Mr Blair, joined by Neil Kinnock, the former Labour leader, said that Mr Livingstone as the leader of the GLC during the Eighties - and also since - had opposed steps to modernise the party. Mr Blair said: "I learnt something watching this bloke [Mr Kinnock] here - when the essential interest of the Labour Party is engaged and it is a matter of whether we are going to have a serious, sensible Labour Party or not, when it goes right to the fundamental of what this party is about, I will never stay out of a fight. Never, if I think this is essential to the survival of this party."
Mr Livingstone was selected to be on the short list of the race to be the party's candidate for mayor last month, along with Frank Dobson and Glenda Jackson. The party was accused of having turned its selection process into "a shambles" after Mr Livingstone wascalled back for a second interview when he criticised the Government's proposals for the partial privatisation of the London Underground.
However, Mr Livingstone, who is instead in favour of issuing bonds to fund the Tube, gained some sort of victory earlier this week when John Prescott, the Deputy Prime Minister, abandoned his commitment to hand over part of the Tube to Railtrack.

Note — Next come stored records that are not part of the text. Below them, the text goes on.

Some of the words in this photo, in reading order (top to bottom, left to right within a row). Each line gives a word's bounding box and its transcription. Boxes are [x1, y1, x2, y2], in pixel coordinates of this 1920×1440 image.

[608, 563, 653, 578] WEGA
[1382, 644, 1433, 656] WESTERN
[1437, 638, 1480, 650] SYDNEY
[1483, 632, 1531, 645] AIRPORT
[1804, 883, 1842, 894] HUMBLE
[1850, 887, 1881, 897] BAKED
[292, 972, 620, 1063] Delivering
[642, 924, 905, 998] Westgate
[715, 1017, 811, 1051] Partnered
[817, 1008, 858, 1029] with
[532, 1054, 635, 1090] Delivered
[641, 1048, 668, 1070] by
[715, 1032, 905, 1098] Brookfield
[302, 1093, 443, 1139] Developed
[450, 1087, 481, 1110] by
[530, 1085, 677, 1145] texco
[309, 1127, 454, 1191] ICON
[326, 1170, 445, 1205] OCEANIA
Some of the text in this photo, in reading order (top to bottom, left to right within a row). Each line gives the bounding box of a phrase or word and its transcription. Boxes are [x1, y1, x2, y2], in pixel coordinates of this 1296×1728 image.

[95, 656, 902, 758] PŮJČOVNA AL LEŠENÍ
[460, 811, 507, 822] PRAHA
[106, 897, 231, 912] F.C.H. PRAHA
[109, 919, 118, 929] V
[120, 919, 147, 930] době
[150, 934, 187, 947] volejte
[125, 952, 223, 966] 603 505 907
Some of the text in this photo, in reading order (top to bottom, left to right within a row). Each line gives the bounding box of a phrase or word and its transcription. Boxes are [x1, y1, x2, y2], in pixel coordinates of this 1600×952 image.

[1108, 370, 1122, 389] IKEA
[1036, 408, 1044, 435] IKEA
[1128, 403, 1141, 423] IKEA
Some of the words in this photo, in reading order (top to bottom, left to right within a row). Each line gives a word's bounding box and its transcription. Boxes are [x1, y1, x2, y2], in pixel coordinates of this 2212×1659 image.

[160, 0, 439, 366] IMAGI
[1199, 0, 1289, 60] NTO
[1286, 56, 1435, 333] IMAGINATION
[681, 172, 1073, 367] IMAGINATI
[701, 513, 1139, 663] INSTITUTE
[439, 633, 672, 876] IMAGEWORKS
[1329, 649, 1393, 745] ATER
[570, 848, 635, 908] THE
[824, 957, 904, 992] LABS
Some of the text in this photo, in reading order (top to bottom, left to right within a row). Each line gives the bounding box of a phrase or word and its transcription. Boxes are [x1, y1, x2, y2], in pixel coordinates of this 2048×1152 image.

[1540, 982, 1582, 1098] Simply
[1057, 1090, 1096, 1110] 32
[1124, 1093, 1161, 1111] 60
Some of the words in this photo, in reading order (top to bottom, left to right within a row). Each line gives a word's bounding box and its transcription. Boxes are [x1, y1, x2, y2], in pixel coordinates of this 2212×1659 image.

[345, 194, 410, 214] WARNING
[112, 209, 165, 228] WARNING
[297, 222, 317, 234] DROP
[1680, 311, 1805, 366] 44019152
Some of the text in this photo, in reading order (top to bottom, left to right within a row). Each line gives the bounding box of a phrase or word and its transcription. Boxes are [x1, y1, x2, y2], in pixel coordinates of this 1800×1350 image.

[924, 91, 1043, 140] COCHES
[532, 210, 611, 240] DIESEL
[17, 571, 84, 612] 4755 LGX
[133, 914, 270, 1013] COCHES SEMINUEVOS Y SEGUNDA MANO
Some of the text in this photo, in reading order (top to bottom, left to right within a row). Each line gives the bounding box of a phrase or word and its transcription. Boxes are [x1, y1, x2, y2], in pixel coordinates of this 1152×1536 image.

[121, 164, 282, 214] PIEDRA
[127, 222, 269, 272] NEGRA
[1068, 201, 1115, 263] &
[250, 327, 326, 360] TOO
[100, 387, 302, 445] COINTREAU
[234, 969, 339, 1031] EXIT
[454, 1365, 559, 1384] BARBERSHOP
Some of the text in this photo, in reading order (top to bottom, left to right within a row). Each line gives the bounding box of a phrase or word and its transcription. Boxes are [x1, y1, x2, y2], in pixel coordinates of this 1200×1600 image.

Both Mr Blair and Mr Kinnock launched a passionate defence of their proposal when they spoke at the party meeting at Brixton, in south London, last night."Don't let anyone fall for this rubbish that we want to privatise the Tube," Mr Blair said. "The reason why bonds are wrong is because they are the same as borrowing money, like a mortgage, which you have to pay off, which means that large sums of money are just frittering away."
Mr Blair, after several hostile questions, told party members that Mr Livingstone's recent attack on Mr Brown showed why they were worried about the possibility of him being their candidate. Mr Blair said the attack, in which Mr Livingstone criticised Mr Brown for introducing "stealth taxes", was made for a headline and without regard of what it would do to the party.
He said that for the party to win a full second term, it was important to understand that the Labour Party was "different today from the early Eighties".
"You probably think that we are being very hard on Ken," Mr Blair said. "This is a difficult process but believe me, the reason why so many people totally opposed to Labour are so desperate to get back in that situation [of the Eighties] is because what they want is a mayor for London who is going to [oppose] the Government every day on all fronts, on all aspects."
Mr Kinnock added: "Ken is talking through the back of his neck. The people who forget their past are inevitably doomed to relive it."